Difficulté majeure de l’écriture michonienne qui se veut d’un seul jet sans tomber pour autant dans le spontané ou le naturel. Sa méthode ? Réécrire cent fois la page qu’il a écrite d’un coup. De toutes façons, et il le répète à qui veut l’entendre, écrire n’est pas naturel. Le roi n’est pas graphomane. Il avance en en biais, il avance latéralement, il déplace le tabouret. Frontalement, c’est l’échec assuré.
« Mais tout à coup, un jour, un matin, j’ai bien déplacé le tabouret, j’ai biaisé la question, et ma première phrase est là. Et quand la première phrase est là, il n’y a plus qu’à tirer le fil, tout continue, tout marche. »
Tout s’énonce.
L’énonciation – la grande affaire de Michon. Qu’est-elle ?
« Pas de sujet, pas de thème, pas de pensée ; rien que la volonté de dire. »
Dire, nommer, faire surgir.
« Voix anonyme, hors de toute diégèse, sans incarnation et peut-être de ce fait plus forte, plus littéraire »,
voix qui transcende toutes les subjectivités, voix du ciel ou de la terre, voix des forces élémentaires ou de la Cause Première, voix de la grande pitié ou du simple élan vital, voix qui n’est en rien individuelle même si elle dit le drame de l’individu.
« Le texte est alors une profération du vide (…) On y entend parler une sorte de bouche d’ombre supra-individuelle, qui est peut-être le maître absolu, la mort, ou ce que la pensée juive appelle le Nom : et cela seul, en littérature, fait trembler. La théologie a un mot, justement, pour parler de ces textes-là, ceux qui procèdent de la bouche de l’Eternel, ou tout comme : ce sont les textes inerrants. »
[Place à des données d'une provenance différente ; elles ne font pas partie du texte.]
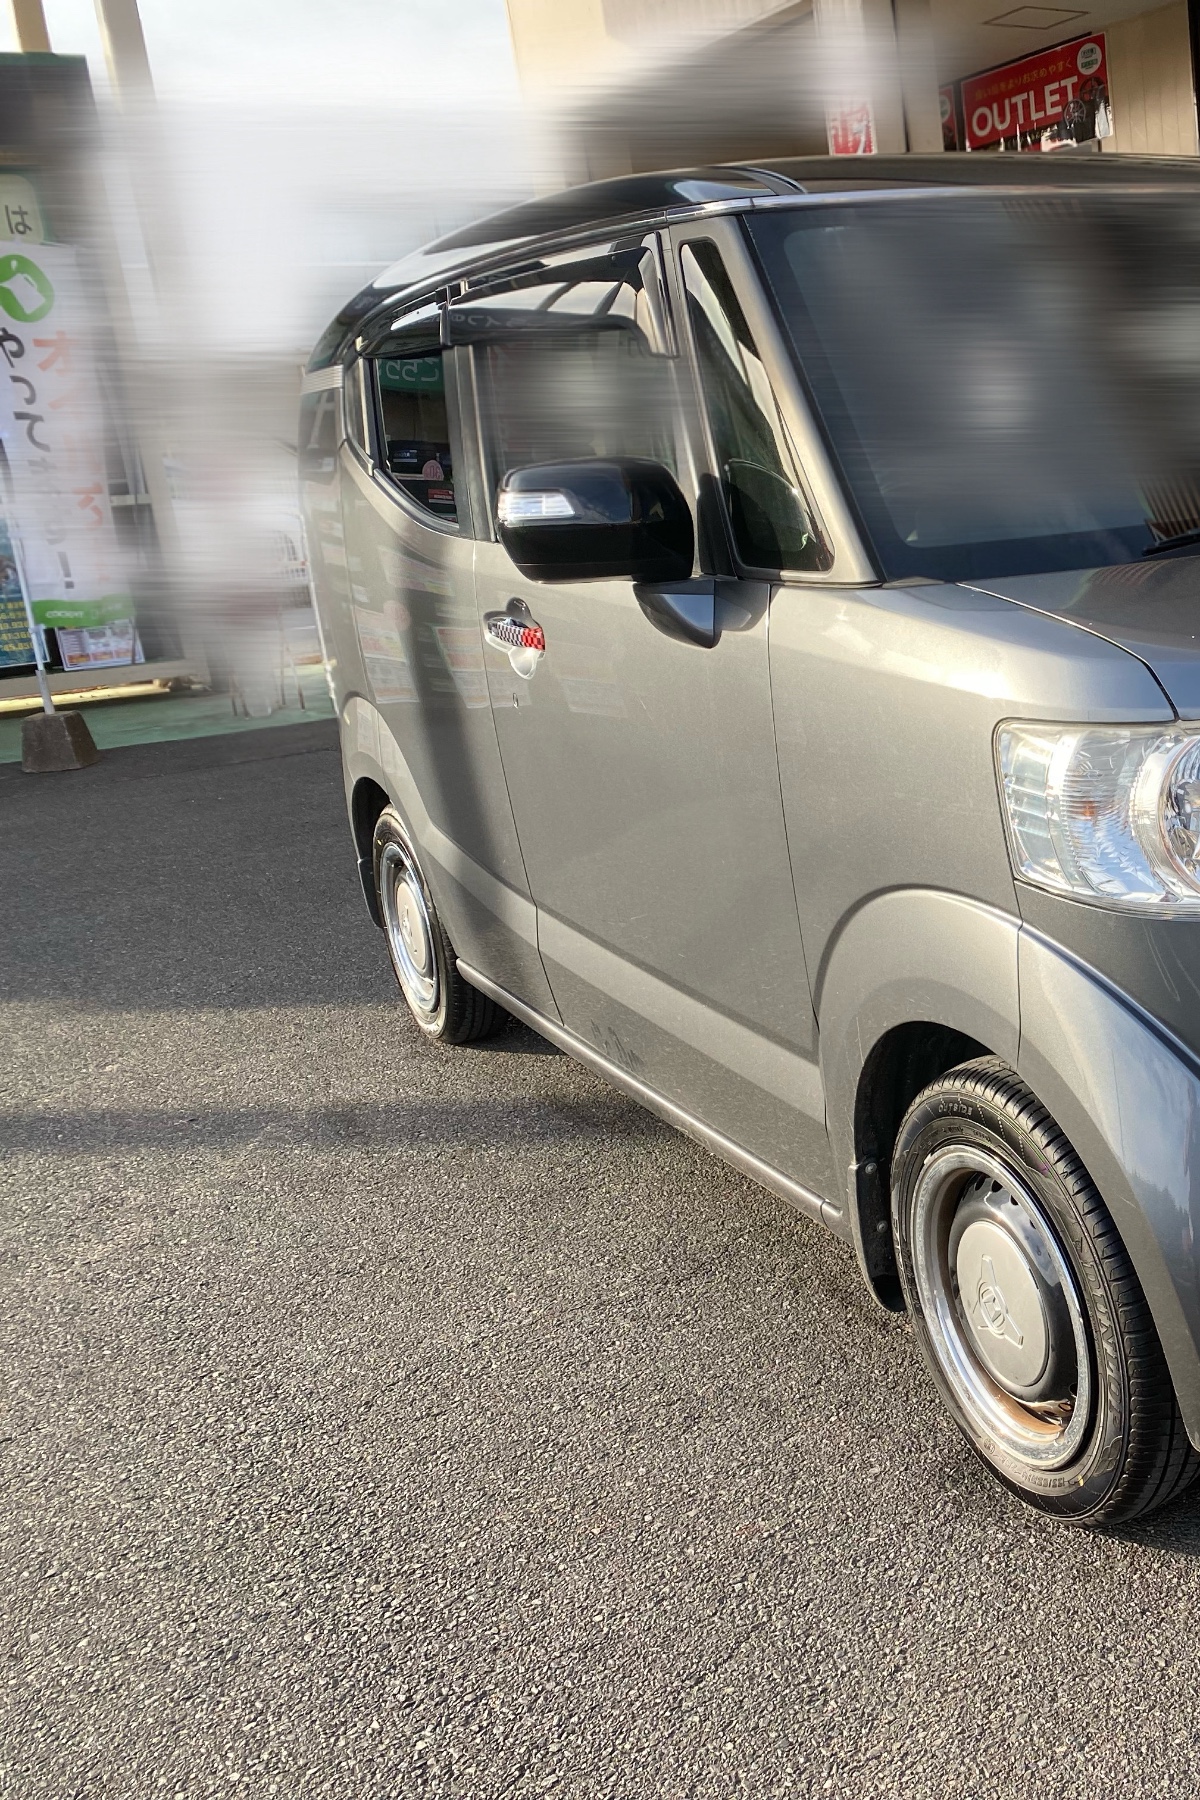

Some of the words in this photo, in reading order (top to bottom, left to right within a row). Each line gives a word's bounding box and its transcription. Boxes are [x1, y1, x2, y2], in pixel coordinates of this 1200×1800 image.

[972, 75, 1078, 138] OUTLET
[938, 1102, 973, 1116] OUTSIDE
[1080, 1260, 1122, 1428] DUNLOP
Inerrance de Michon. Infaillibilité de la littérature qui dit « oui » aux choses, à l’existence, à l’être. « Oui » amoureux, érotique, molly bloomien si l’on veut, « oui » qui approuve, qui adhère, qui aime, qui fait aimer. La littérature comme « bonne nouvelle » des choses. L’énonciation comme vérité des choses. L’énonciation comme vérité biblique.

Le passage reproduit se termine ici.